The records below must be written out exactly, with every picture left behind.

________

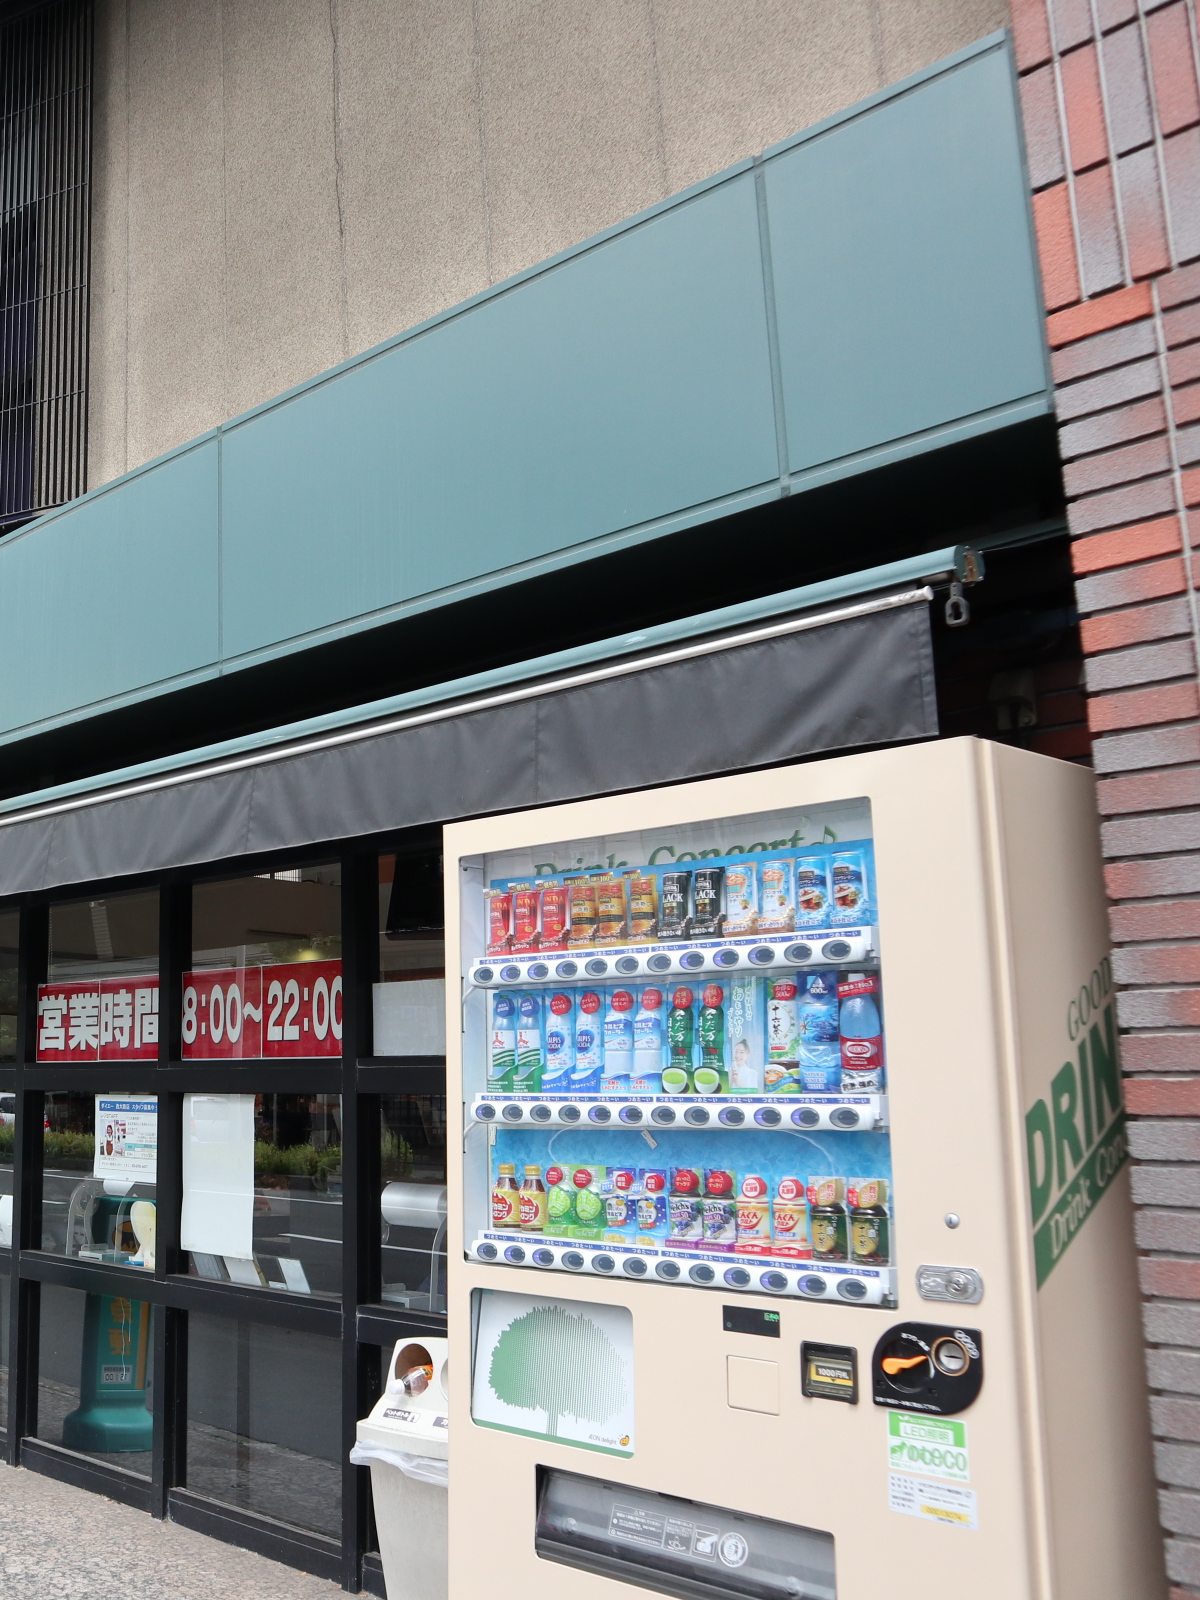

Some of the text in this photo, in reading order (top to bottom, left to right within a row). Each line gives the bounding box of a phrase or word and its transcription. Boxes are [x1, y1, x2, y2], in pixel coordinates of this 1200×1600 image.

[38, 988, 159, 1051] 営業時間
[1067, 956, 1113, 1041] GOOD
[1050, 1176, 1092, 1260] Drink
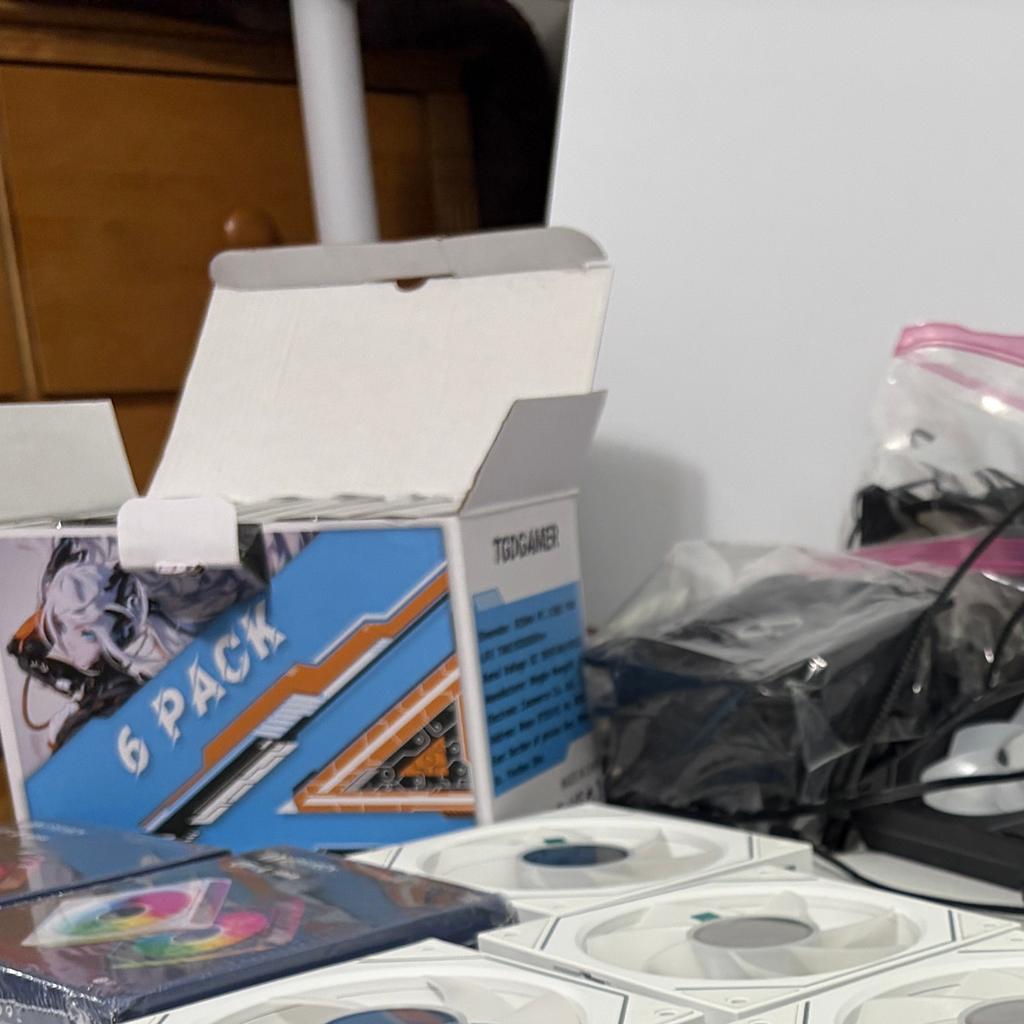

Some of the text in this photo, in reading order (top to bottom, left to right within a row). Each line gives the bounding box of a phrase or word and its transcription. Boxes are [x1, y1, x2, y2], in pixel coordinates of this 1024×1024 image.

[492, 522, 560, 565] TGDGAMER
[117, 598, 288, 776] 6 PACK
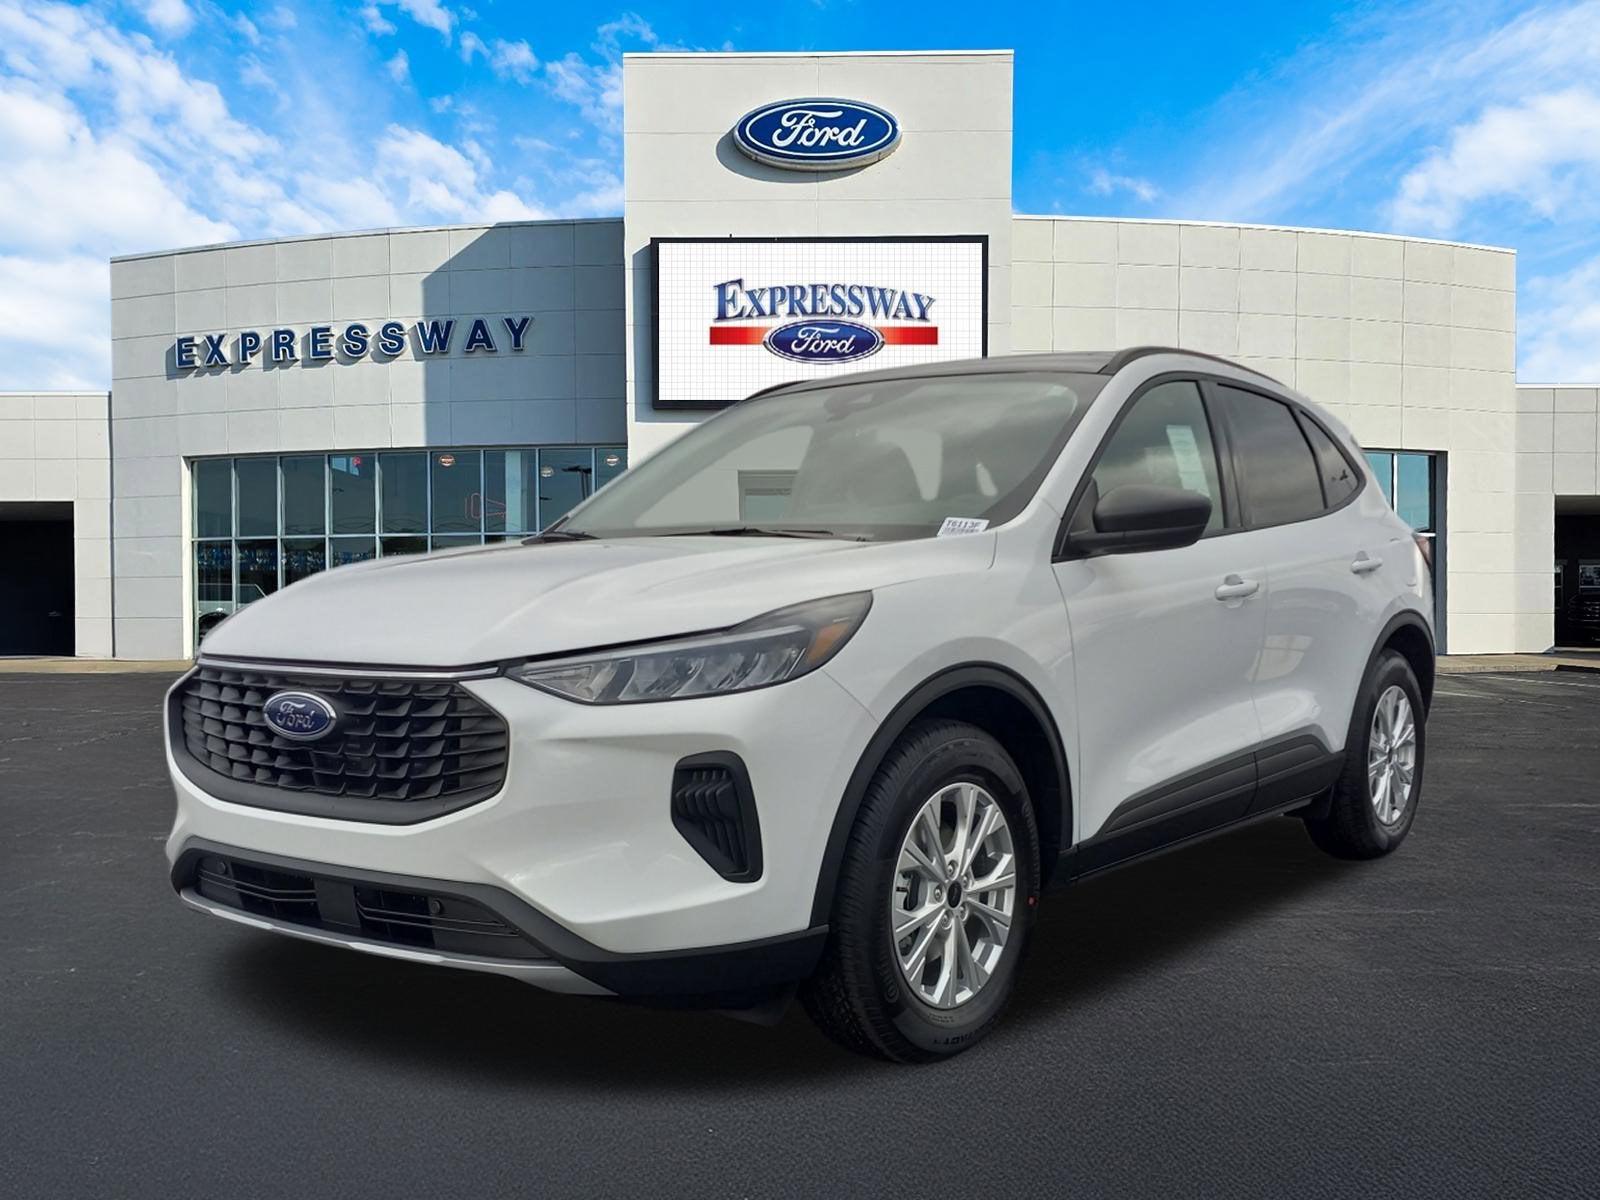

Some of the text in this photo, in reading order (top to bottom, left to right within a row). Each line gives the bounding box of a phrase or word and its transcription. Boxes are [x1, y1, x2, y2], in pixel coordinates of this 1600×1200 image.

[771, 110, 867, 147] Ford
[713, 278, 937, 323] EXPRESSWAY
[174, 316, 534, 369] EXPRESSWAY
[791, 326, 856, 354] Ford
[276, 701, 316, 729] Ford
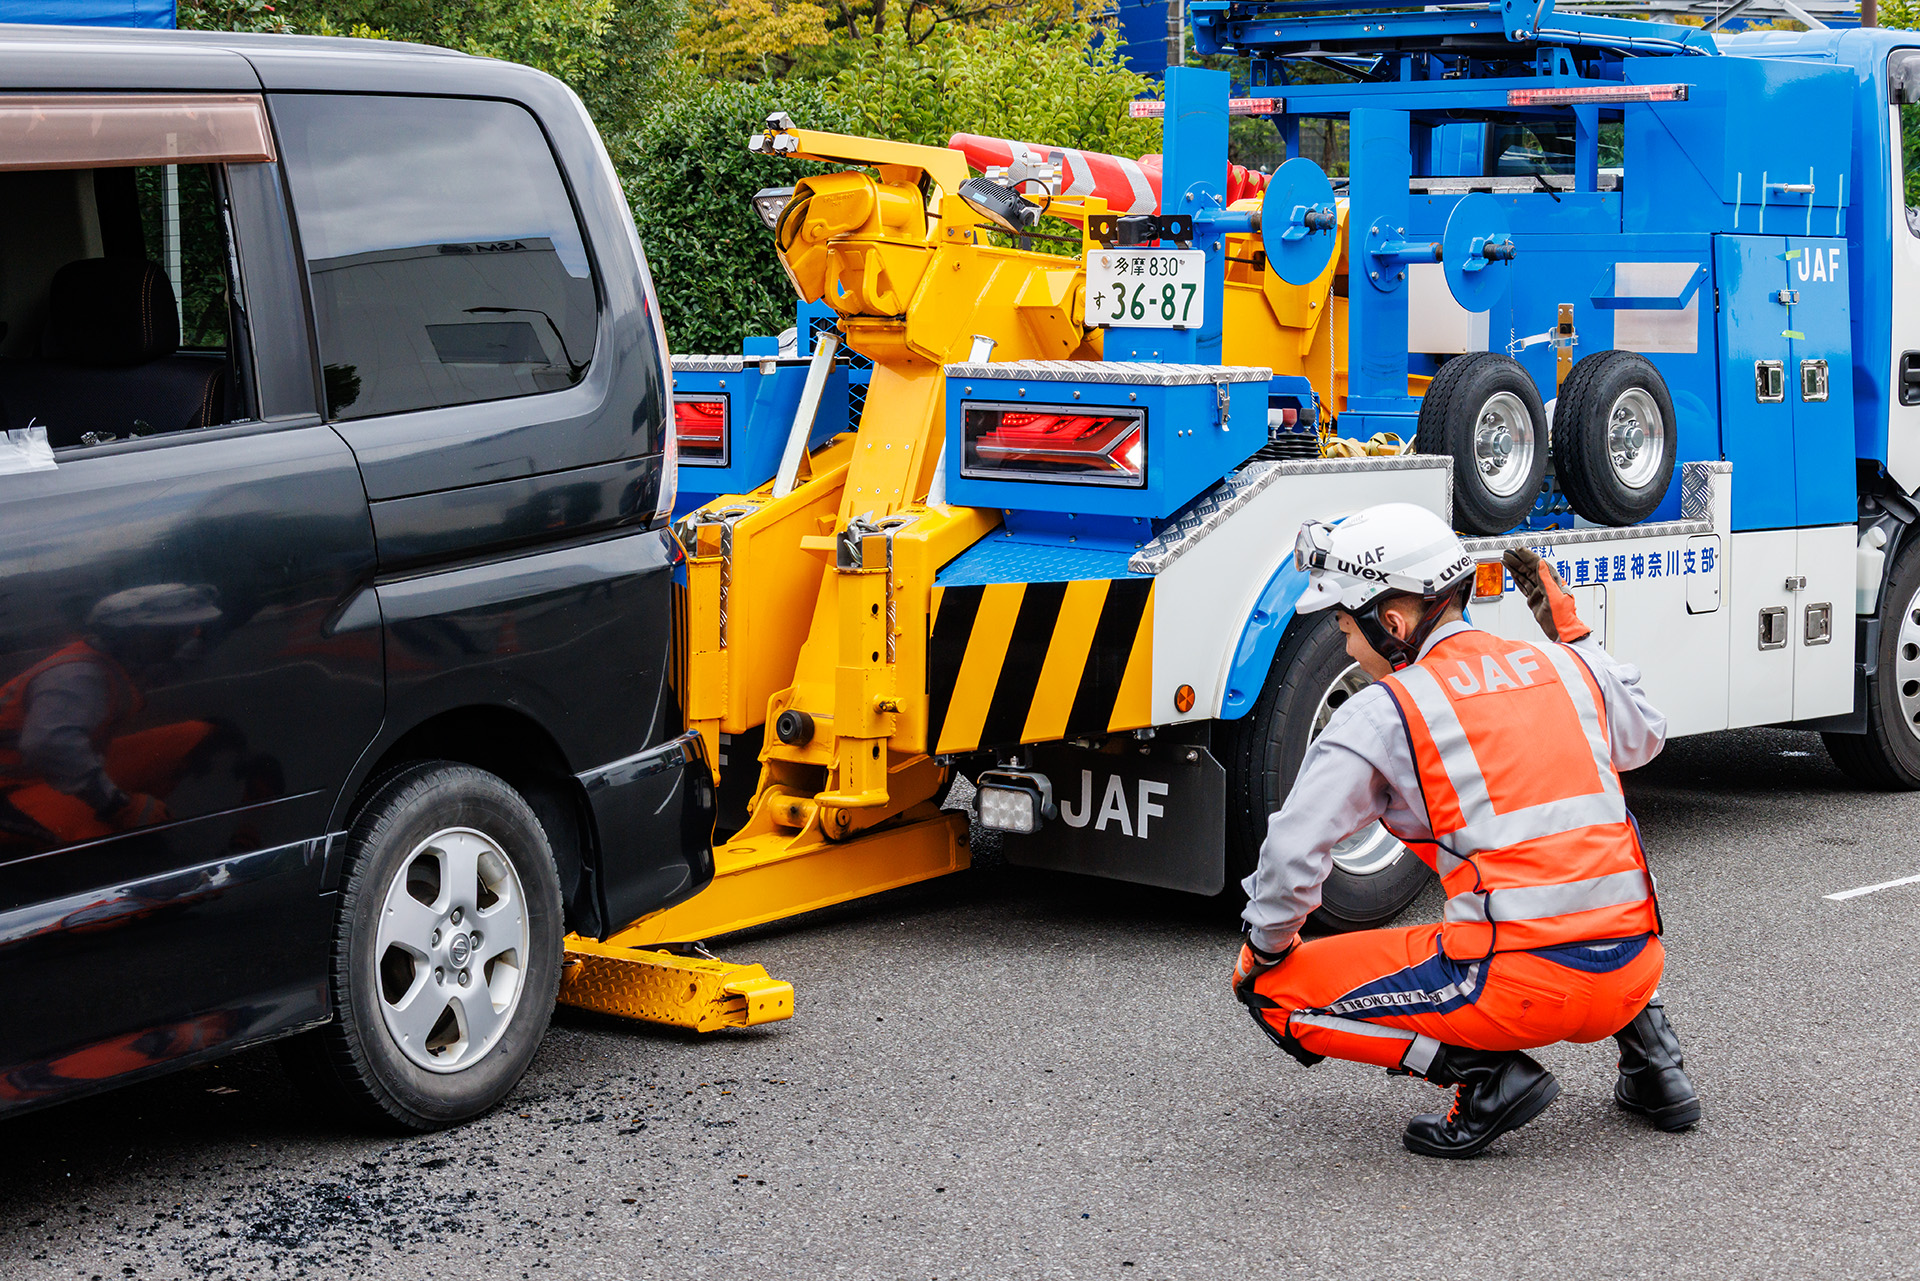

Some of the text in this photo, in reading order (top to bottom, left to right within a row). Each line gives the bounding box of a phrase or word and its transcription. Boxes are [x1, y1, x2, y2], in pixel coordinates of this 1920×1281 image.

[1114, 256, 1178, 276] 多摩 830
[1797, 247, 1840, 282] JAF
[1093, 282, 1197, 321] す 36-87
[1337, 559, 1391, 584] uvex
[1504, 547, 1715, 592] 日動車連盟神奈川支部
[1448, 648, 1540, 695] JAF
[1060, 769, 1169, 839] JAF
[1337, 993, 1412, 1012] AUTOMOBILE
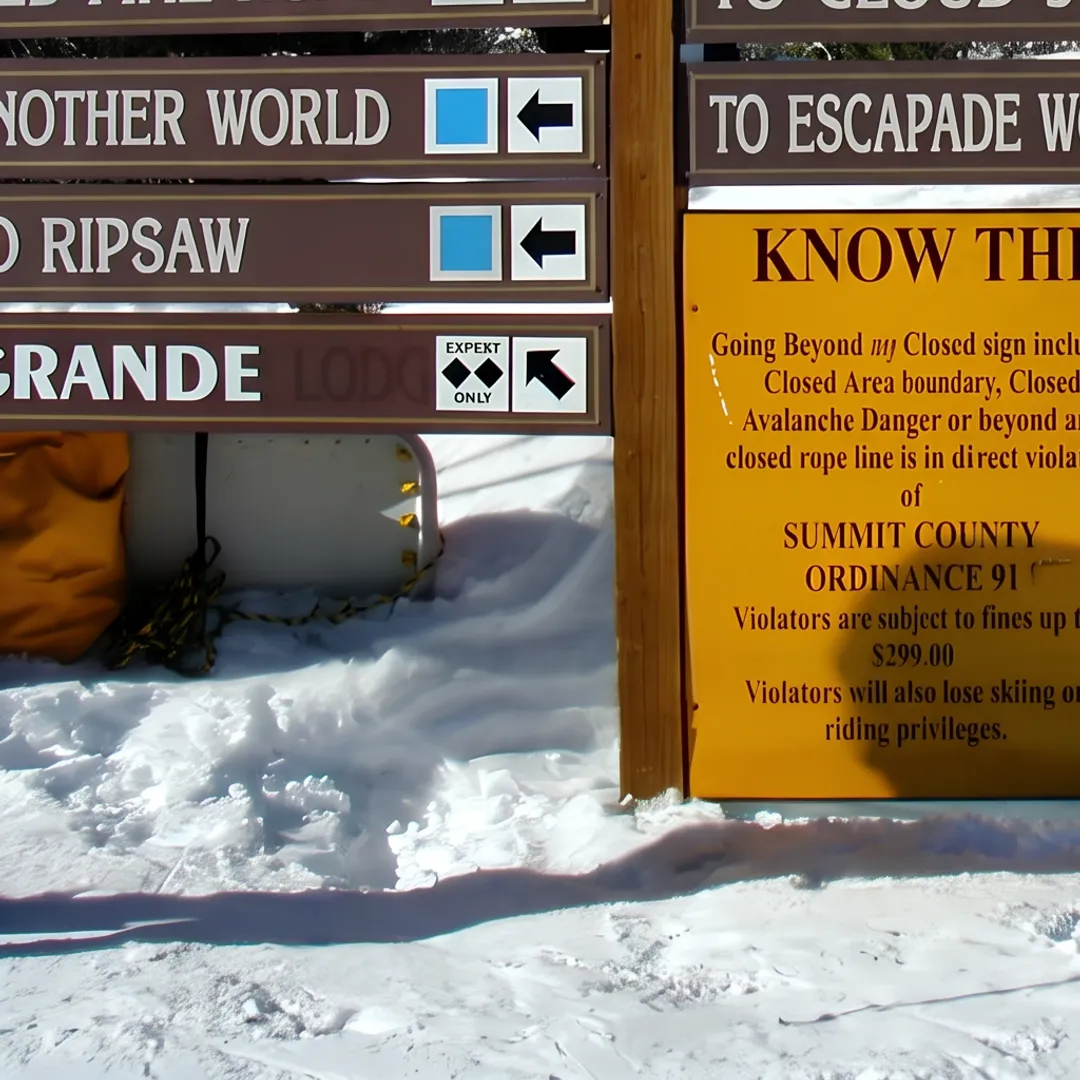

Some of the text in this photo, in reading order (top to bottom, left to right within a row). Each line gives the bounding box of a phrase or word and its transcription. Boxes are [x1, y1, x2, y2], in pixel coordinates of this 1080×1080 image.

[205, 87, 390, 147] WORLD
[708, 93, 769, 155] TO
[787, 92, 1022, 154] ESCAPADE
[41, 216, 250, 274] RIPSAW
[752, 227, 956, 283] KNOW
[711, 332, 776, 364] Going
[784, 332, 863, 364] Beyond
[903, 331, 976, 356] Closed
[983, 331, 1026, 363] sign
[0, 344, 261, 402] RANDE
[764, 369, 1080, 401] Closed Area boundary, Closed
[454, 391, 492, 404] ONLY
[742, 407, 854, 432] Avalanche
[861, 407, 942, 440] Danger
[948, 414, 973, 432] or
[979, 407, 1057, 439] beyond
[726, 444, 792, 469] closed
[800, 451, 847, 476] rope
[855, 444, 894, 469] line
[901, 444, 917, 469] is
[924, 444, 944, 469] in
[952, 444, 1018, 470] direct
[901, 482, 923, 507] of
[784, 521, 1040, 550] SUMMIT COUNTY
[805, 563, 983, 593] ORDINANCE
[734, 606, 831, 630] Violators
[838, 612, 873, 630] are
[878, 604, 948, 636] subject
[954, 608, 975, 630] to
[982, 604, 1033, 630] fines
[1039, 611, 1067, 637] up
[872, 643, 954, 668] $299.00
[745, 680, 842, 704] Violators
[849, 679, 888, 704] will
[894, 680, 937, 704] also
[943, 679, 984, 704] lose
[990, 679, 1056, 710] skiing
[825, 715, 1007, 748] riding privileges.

________

*ANSWER TO THIS PROBLEM*.
Some of the text in this photo, in reading order (top to bottom, left to right within a row). Each line gives the bounding box of a phrase or word and its transcription. Boxes are [x1, y1, x2, y2], in pixel coordinates of this 1200×1600 image.

[38, 988, 159, 1051] 営業時間
[1067, 956, 1113, 1041] GOOD
[1050, 1176, 1092, 1260] Drink

Some of the text in this photo, in reading order (top to bottom, left to right within a row). Each line gives the bounding box of a phrase or word and its transcription. Boxes are [x1, y1, x2, y2], in pixel coordinates of this 1024×1024 image.

[492, 522, 560, 565] TGDGAMER
[117, 598, 288, 776] 6 PACK

Some of the text in this photo, in reading order (top to bottom, left to right within a row). Each line gives the bounding box of a phrase or word and its transcription. Boxes are [x1, y1, x2, y2], in pixel coordinates of this 1600×1200 image.

[771, 110, 867, 147] Ford
[713, 278, 937, 323] EXPRESSWAY
[174, 316, 534, 369] EXPRESSWAY
[791, 326, 856, 354] Ford
[276, 701, 316, 729] Ford

Some of the text in this photo, in reading order (top to bottom, left to right within a row). Each line gives the bounding box of a phrase or word and its transcription. Boxes are [x1, y1, x2, y2], in pixel coordinates of this 1920×1281 image.

[1114, 256, 1178, 276] 多摩 830
[1797, 247, 1840, 282] JAF
[1093, 282, 1197, 321] す 36-87
[1337, 559, 1391, 584] uvex
[1504, 547, 1715, 592] 日動車連盟神奈川支部
[1448, 648, 1540, 695] JAF
[1060, 769, 1169, 839] JAF
[1337, 993, 1412, 1012] AUTOMOBILE

Some of the text in this photo, in reading order (top to bottom, left to right within a row). Each line gives the bounding box of a phrase or word and its transcription. Boxes are [x1, y1, x2, y2], in pixel coordinates of this 1080×1080 image.

[205, 87, 390, 147] WORLD
[708, 93, 769, 155] TO
[787, 92, 1022, 154] ESCAPADE
[41, 216, 250, 274] RIPSAW
[752, 227, 956, 283] KNOW
[711, 332, 776, 364] Going
[784, 332, 863, 364] Beyond
[903, 331, 976, 356] Closed
[983, 331, 1026, 363] sign
[0, 344, 261, 402] RANDE
[764, 369, 1080, 401] Closed Area boundary, Closed
[454, 391, 492, 404] ONLY
[742, 407, 854, 432] Avalanche
[861, 407, 942, 440] Danger
[948, 414, 973, 432] or
[979, 407, 1057, 439] beyond
[726, 444, 792, 469] closed
[800, 451, 847, 476] rope
[855, 444, 894, 469] line
[901, 444, 917, 469] is
[924, 444, 944, 469] in
[952, 444, 1018, 470] direct
[901, 482, 923, 507] of
[784, 521, 1040, 550] SUMMIT COUNTY
[805, 563, 983, 593] ORDINANCE
[734, 606, 831, 630] Violators
[838, 612, 873, 630] are
[878, 604, 948, 636] subject
[954, 608, 975, 630] to
[982, 604, 1033, 630] fines
[1039, 611, 1067, 637] up
[872, 643, 954, 668] $299.00
[745, 680, 842, 704] Violators
[849, 679, 888, 704] will
[894, 680, 937, 704] also
[943, 679, 984, 704] lose
[990, 679, 1056, 710] skiing
[825, 715, 1007, 748] riding privileges.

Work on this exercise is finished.